Salgına bakalım konut fiyatı indeksi ile korona yoğunluk haritasını üst üste
koysak aynı renkler çıkar. Barış indeksi değil GİNİ katsayısı önemli.
İleti
2: Dünyadaki ülke örneklerine bakarsanız zaten barış endeksi ile
GİNİ katsayısı paralel gider. GİNİ katsayısı düşükse ülkedeki huzur ve barış
ortamı iyi demektir. Barışın olmadığı yerde huzur olmaz. Şiddet, adaletsizlik,
terör ile hep iç içedir.
İleti 3. Barışa hepimizin ihtiyacı var. En varsıllar ve en güçlülerin de. Çözüm yolu tek: Bu gittikçe derinleşen ve derinleştikçe de çığ gibi yayılan yoksulluğu önlemek.

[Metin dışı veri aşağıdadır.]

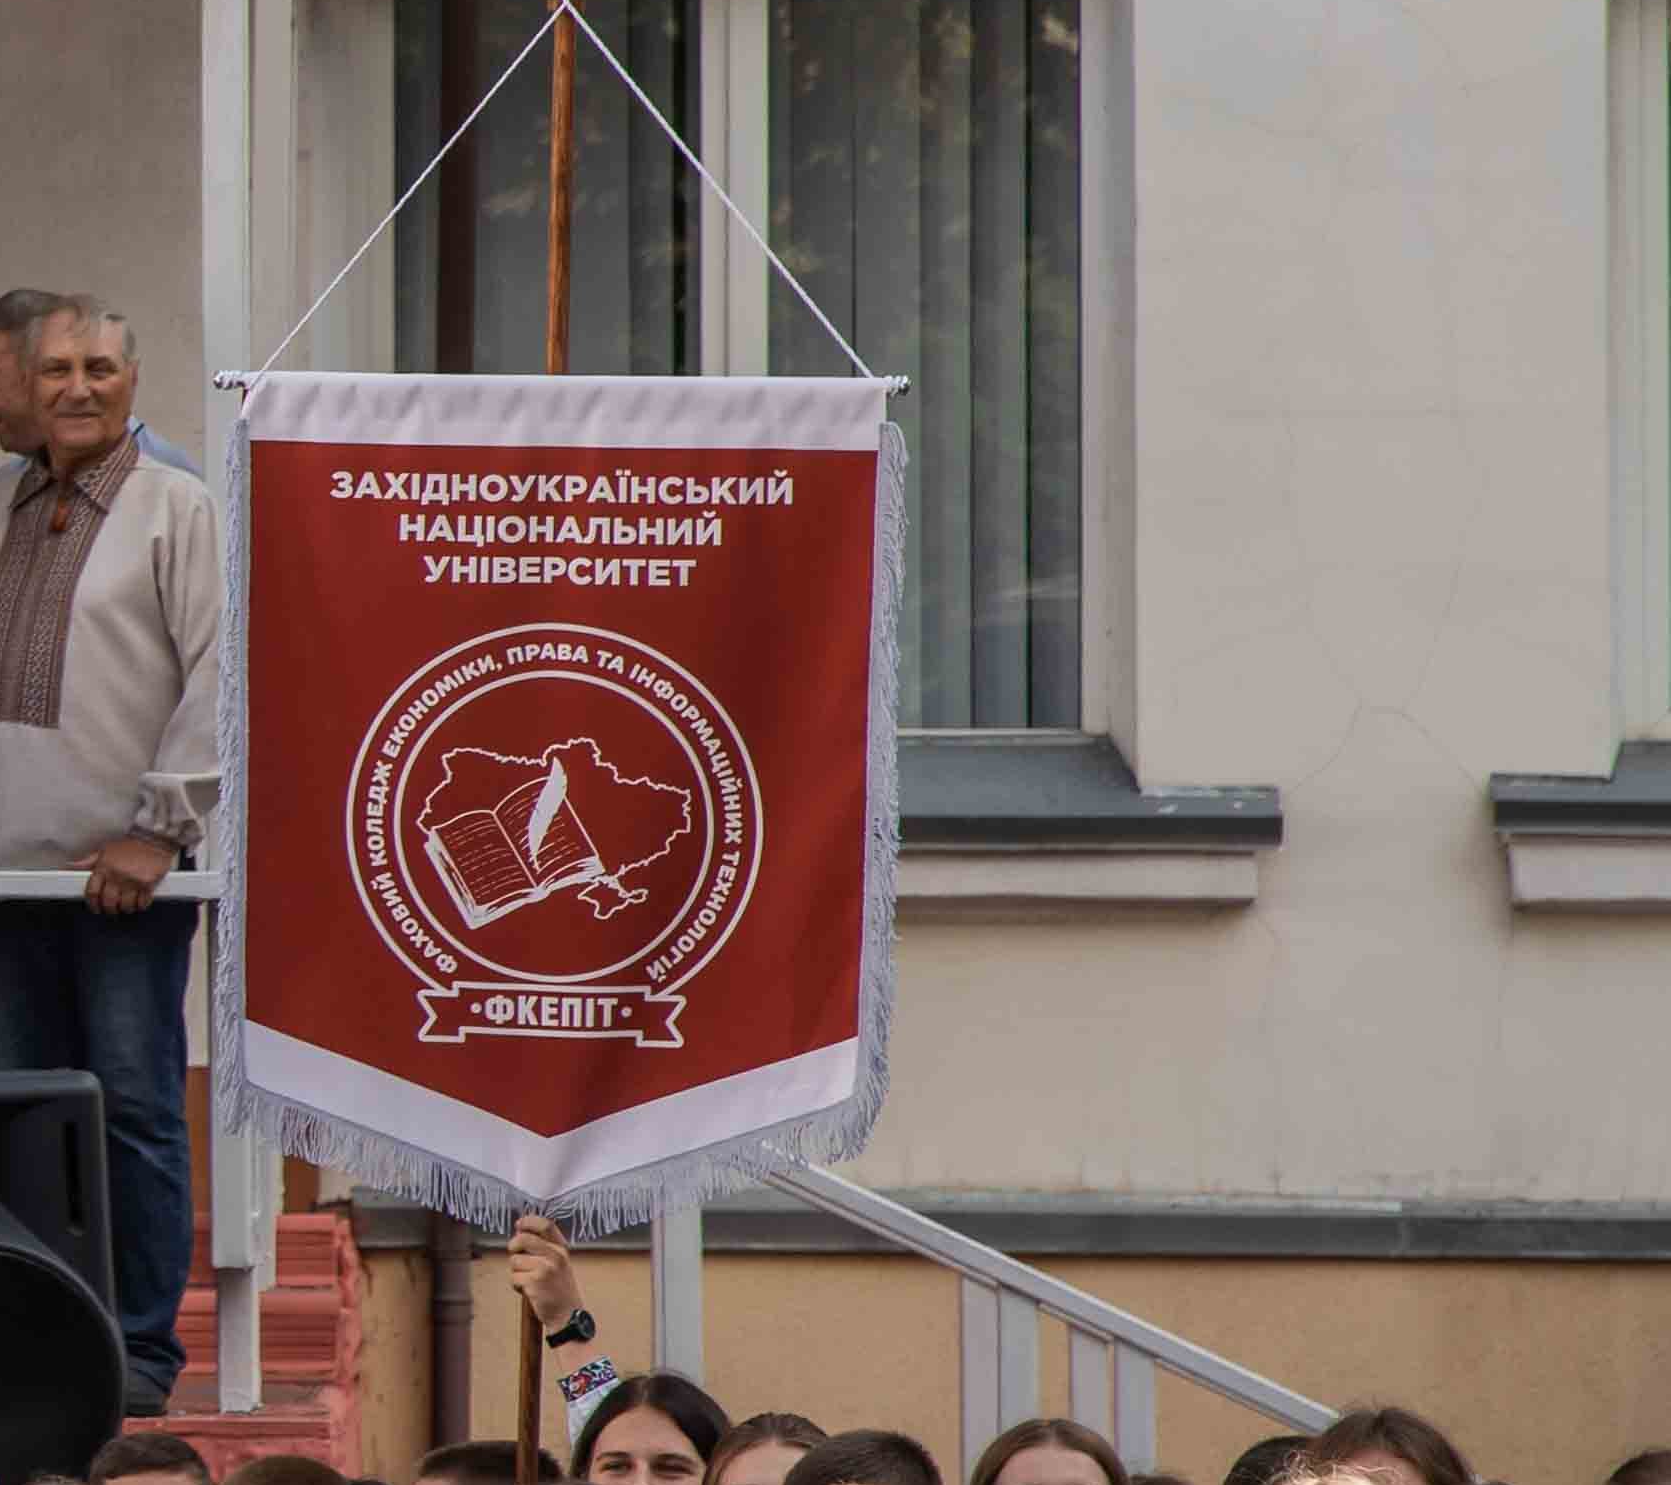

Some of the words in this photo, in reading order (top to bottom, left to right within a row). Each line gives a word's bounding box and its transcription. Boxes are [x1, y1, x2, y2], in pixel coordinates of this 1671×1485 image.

Herkesin insanca yaşamaya hakkı olan bir dünya düzenini sağlamak. Tabii ki yeteneğine ve çalışkanlığına bağlı gelir düzeyi farklı olabilir ama yani şimdiki gibi dünyadaki en zengin 62 kişinin kazancı diğer taraftaki 3,6 milyar insanın kazancını aşmakta ise veya ülkemizin en zengin %10'unun toplam geliri, en fakir %10'un toplam gelirinin tam 12,6 katı ise OLMAZ. Böyle olmaz. Korona bunu tekrar tekrar vurguladı daha da vurgulanacak.👍
Evet, masadaki pastayı herkes görüyor. Öyle aksırıncaya tıksırıncaya kadar yemek yok. Aç gözlülükle çalmak çarpmak yok. Pasta herkese yetecek kadar var. Kim gerçekten çalışıyor ve üretiyorsa en küçük dilimin insana yakışır olmasını da gözetleyerek hakkına düşen kendi payını alacak. Başka bir çare yok. Bir de zaten fazla yemek sağlığa zarar bir şey. Her şey kararında olmalı. Tabii ki herkesin hakkını alabildiği insanca bir yaşama sahip olacağı böyle bir düzeni kurmak bu yaşadığımız egemen dünya düzeninde hemen olacak bir şey değil ama koronanın bize hatırlattığı “aynı gemi” gerçeği ile biraz çeki düzen verilebilecek gibi. Ne kadar hızlı ve etkili çekidüzen verilirse o kadar huzurlu bir dünyaya erişecek olmamızın gerçeği de işte karşımızda öylece duruyor. Görmemek için kör olmak lazım. O halde umut var diyelim.
Feride Cihan Göktan
28. 6. 2020
1.Gini katsayısı, bir ülkede milli gelirin ülke vatandaşları arasındaki dağılımındaki eşitliği/eşitsizliği ölçmek için kullanılan en popüler yöntemdir.İstatistikçi ve sosyolog Corrado Gini tarafından ilk defa 1912 yılında geliştirilmiştir.
2. Küresel Barış Endeksi (İngilizce: Global Peace Index), ülkelerin ve bölgelerin göreli barışçıl konumunu ölçen bir girişimdir..Dünya genelinde 163 ülkenin barışçılık seviyesini ölçen 2020 Küresel Barış Endeksi araştırması, dünya genelinde barışın azaldığını gösterirken, Türkiye'nin 150'nci sırada yer aldığını ortaya koydu.